Calcio
Chi ha paura del Var?
L'uso della tecnologia suscita discussioni e polemiche
Pubblicato il 02.09.2023 07:09
di Aristide Lorenzi
Troppo grave l'errore commesso durante Bologna-Juve. I vertici arbitrali italiani si sono sentiti sotto pressione e hanno deciso di rendere noto il colloquio intervenuto tra l'arbitro e la sala Var. Un dialogo degno, si fa per dire, di un film di Bunuel. Di Bello era sicuro in campo non era successo niente. “Un attimo. Buono. Fammi vedere un'altra prospettiva. Ok. Per me no”, queste le parole incredibili del duo Fourneau-Nasca davanti al monitor, bontà loro e che vista. L'introduzione della tecnologia doveva aiutare, lo scopo era quello di evitare errori clamorosi, dissipare sospetti, allontanare polemiche. Ma perché non funziona? Semplice gli arbitri non sono convinti del Var. Non lo sopportano. Lo considerano come un'intrusione. Essendo potenzialmente un giudice imparziale non vogliono legittimarlo. La classe arbitrale è chiusa. È tetragona rispetto alla trasparenza.
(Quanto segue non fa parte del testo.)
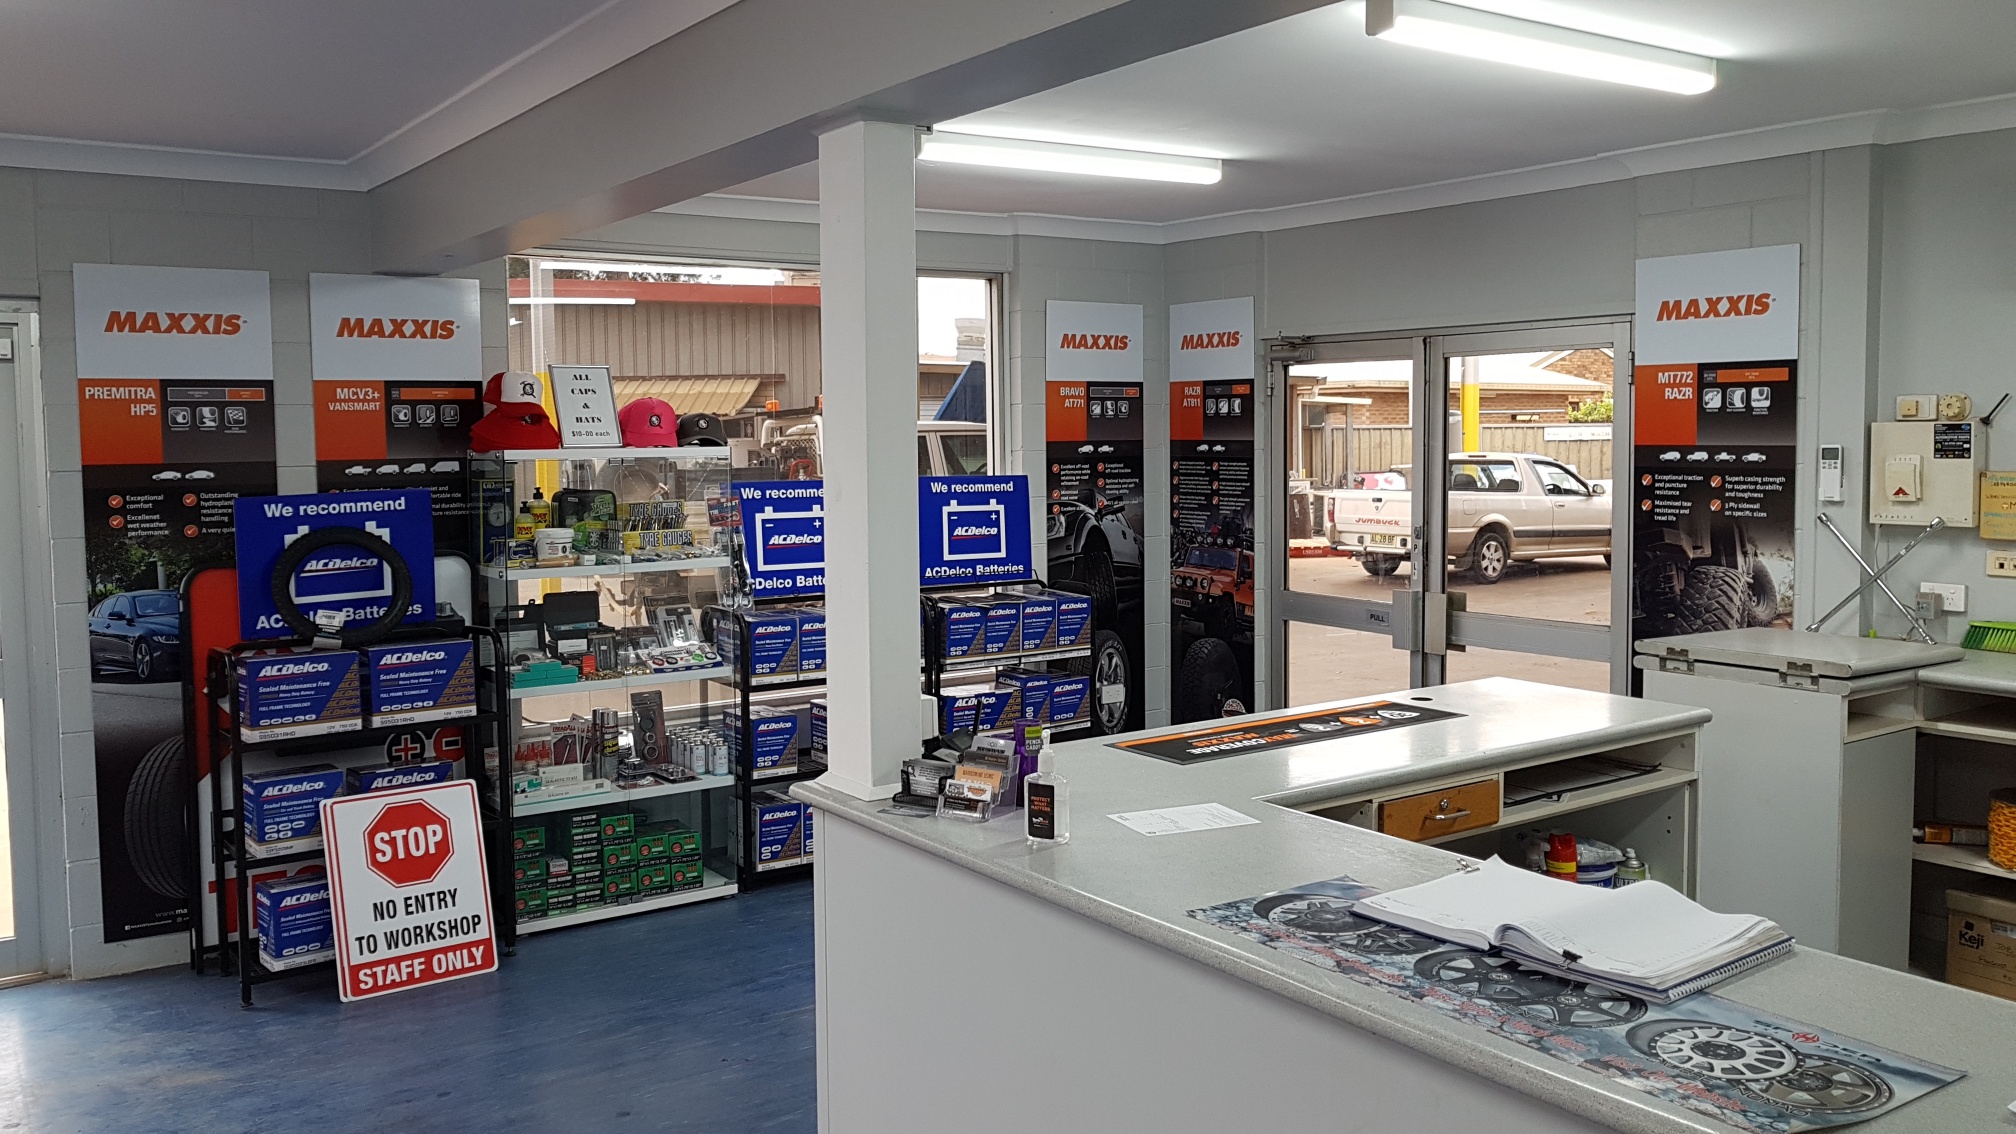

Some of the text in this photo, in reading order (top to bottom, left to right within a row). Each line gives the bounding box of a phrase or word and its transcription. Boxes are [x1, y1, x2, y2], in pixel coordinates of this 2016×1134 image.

È una casta autoreferenziale. Carriere, promozioni, giudizi tutto avviene tra colleghi ed ex colleghi. La solidarietà prima di tutto. Il fortino da difendere strenuamente. Gli arbitri non vogliono perdere il loro potere, vogliono essere i decisori finali, vogliono essere protagonisti. La tecnologia mina eccessivamente la loro discrezionalità. L'intervento del Var determina un giudizio negativo sull'operato del direttore di gara, gli vengono tolti dei punti. Di Bello non aveva dubbi, si era convinto di aver ragione, nessun contatto in area juventina, non era necessario il Var. Ecco di conseguenza il protocollo farraginoso e fumoso circa l'utilizzo della tecnologia. Regole cervellotiche che portano nel territorio dell'ambiguità. E se l'intervento fosse automatico? E se a decidere fosse la sala Var? E non l'arbitro in campo sottoposto alle pressioni di giocatori, allenatori e tifosi. Perché gli arbitri non diventano professionisti? Quindi sottoposti a un giudizio di organi indipendenti e autonomi.